[Data records]
● ● ● ● ●
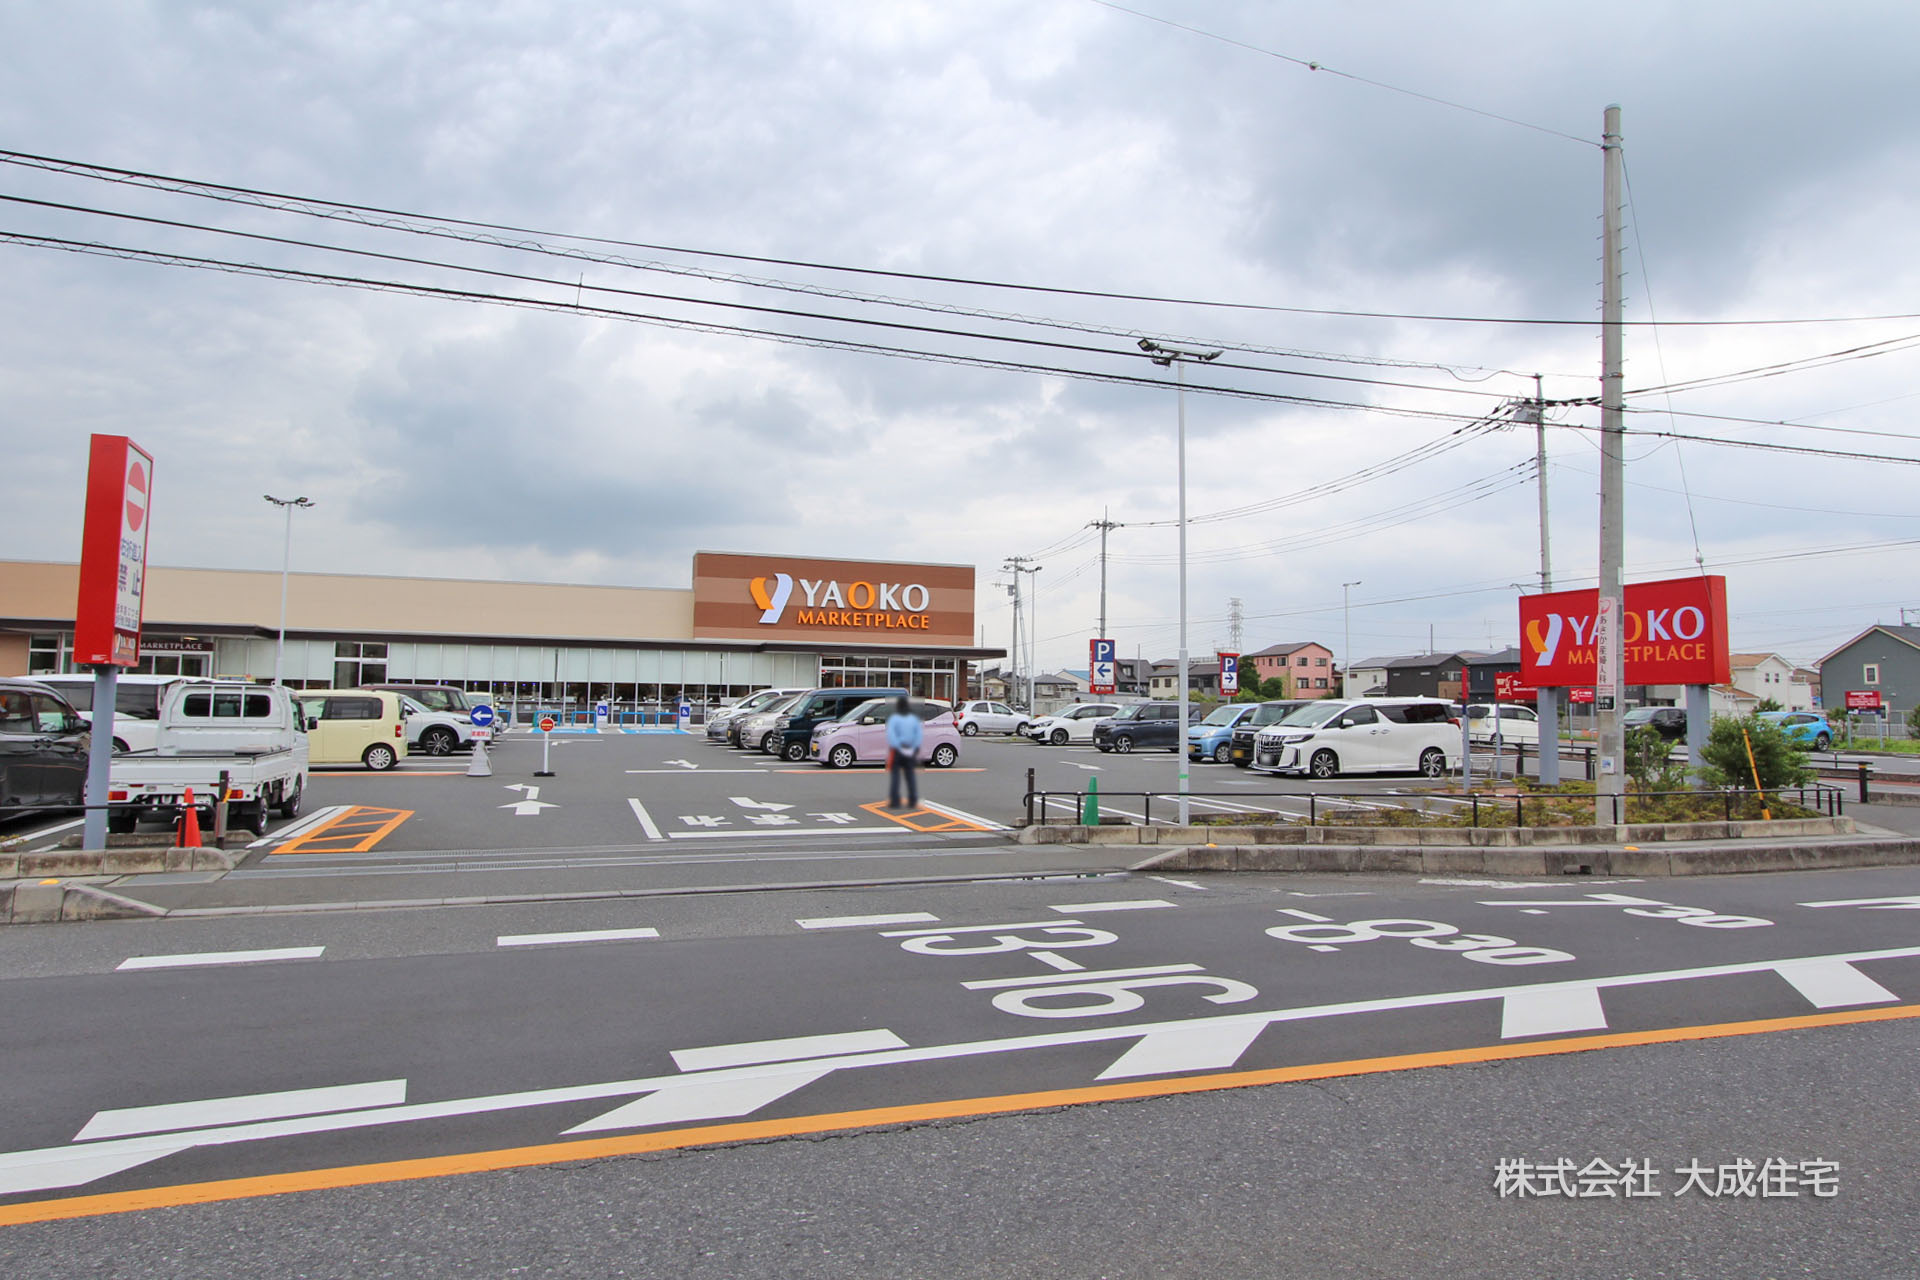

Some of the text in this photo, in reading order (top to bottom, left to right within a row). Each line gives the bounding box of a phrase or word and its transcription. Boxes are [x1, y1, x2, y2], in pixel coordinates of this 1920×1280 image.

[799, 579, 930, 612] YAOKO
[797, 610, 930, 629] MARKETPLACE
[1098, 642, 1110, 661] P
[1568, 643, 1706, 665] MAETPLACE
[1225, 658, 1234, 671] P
● ● ● ● ●
Activity -
Nothing but the pictures is to be left out; repeat the data exactly.

Solved problem -
Some of the text in this photo, in reading order (top to bottom, left to right within a row). Each line gives the bounding box of a phrase or word and its transcription. Boxes are [x1, y1, x2, y2], in pixel coordinates of this 1920×1280 image.

[799, 579, 930, 612] YAOKO
[797, 610, 930, 629] MARKETPLACE
[1098, 642, 1110, 661] P
[1568, 643, 1706, 665] MAETPLACE
[1225, 658, 1234, 671] P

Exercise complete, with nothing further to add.